We wade through the murky waters where religion and freedom intersect, casting a spotlight on the secular challenges emerging in state legislatures. We examine the recently released State of the Secular States Report from American Atheists. These reports will tell you where your state stands on real religious freedom or has it been consumed by fake moral panics in 2024. Join us for a crucial examination of these pressing social issues and the integral role they play in the broader narrative of human rights and secularism in America.
01:01 Gary Click’s Attack on Trans Kids
13:25 American Atheists State of the Secular States Report
Editor’s Note: During the segment about the State of the Secular States report Douglas talks about Ohio’s scorecard. At one point he says:
we don’t have comprehensive sex education. We don’t have a law protecting children from being married, from child marriage.
Technically Douglas is wrong. According to Ohio Revised Code 3101.01 both parties to be married MUST be 18 years of age or older. There is an exception if either party is 17 years old where they get consent from a juvenile court and wait 14 days. Ohio law was updated in 2019.
Here is the explanation of the state scorecard on that issue:
Protection From Child Marriage
This item indicates laws that prohibit individuals below the age of majority (usually 18) from marrying.
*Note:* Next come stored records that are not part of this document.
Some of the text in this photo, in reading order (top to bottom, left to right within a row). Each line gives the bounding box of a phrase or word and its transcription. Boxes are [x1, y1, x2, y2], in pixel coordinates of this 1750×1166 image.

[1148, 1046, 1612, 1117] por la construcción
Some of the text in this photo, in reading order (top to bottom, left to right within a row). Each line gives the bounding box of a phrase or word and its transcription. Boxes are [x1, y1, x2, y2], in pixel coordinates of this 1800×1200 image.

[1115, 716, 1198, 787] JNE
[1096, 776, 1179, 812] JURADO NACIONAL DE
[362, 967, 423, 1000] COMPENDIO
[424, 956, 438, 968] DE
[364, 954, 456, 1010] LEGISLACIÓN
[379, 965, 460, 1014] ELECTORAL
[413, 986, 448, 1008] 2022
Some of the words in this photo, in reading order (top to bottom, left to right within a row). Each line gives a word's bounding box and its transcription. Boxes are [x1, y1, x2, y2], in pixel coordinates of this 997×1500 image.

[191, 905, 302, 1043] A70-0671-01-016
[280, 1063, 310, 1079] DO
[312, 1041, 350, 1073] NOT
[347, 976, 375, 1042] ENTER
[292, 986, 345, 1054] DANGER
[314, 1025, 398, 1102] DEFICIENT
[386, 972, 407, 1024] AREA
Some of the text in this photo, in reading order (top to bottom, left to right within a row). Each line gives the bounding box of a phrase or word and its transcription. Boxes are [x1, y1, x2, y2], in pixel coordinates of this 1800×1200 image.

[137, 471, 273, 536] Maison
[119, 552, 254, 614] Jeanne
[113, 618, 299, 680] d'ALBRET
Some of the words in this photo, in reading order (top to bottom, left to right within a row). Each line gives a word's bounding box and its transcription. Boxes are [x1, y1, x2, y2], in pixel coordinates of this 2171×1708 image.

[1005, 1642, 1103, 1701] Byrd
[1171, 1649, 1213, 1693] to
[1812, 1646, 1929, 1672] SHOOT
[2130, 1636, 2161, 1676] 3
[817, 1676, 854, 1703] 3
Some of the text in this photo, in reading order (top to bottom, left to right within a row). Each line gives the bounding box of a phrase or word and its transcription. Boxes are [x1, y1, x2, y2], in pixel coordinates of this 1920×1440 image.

Because exceptions, such as those allowing parental consent, can be misused to force children to marry, we are only counting those laws which flatly prohibit the marriage of minors.
Because American Atheists only counts laws that prohibit marriage of minors and Ohio doesn’t have that, then the state scorecard says there is no law protecting child from marriage.
Since the statement, in context is correct, that bit of the recording will remain in place.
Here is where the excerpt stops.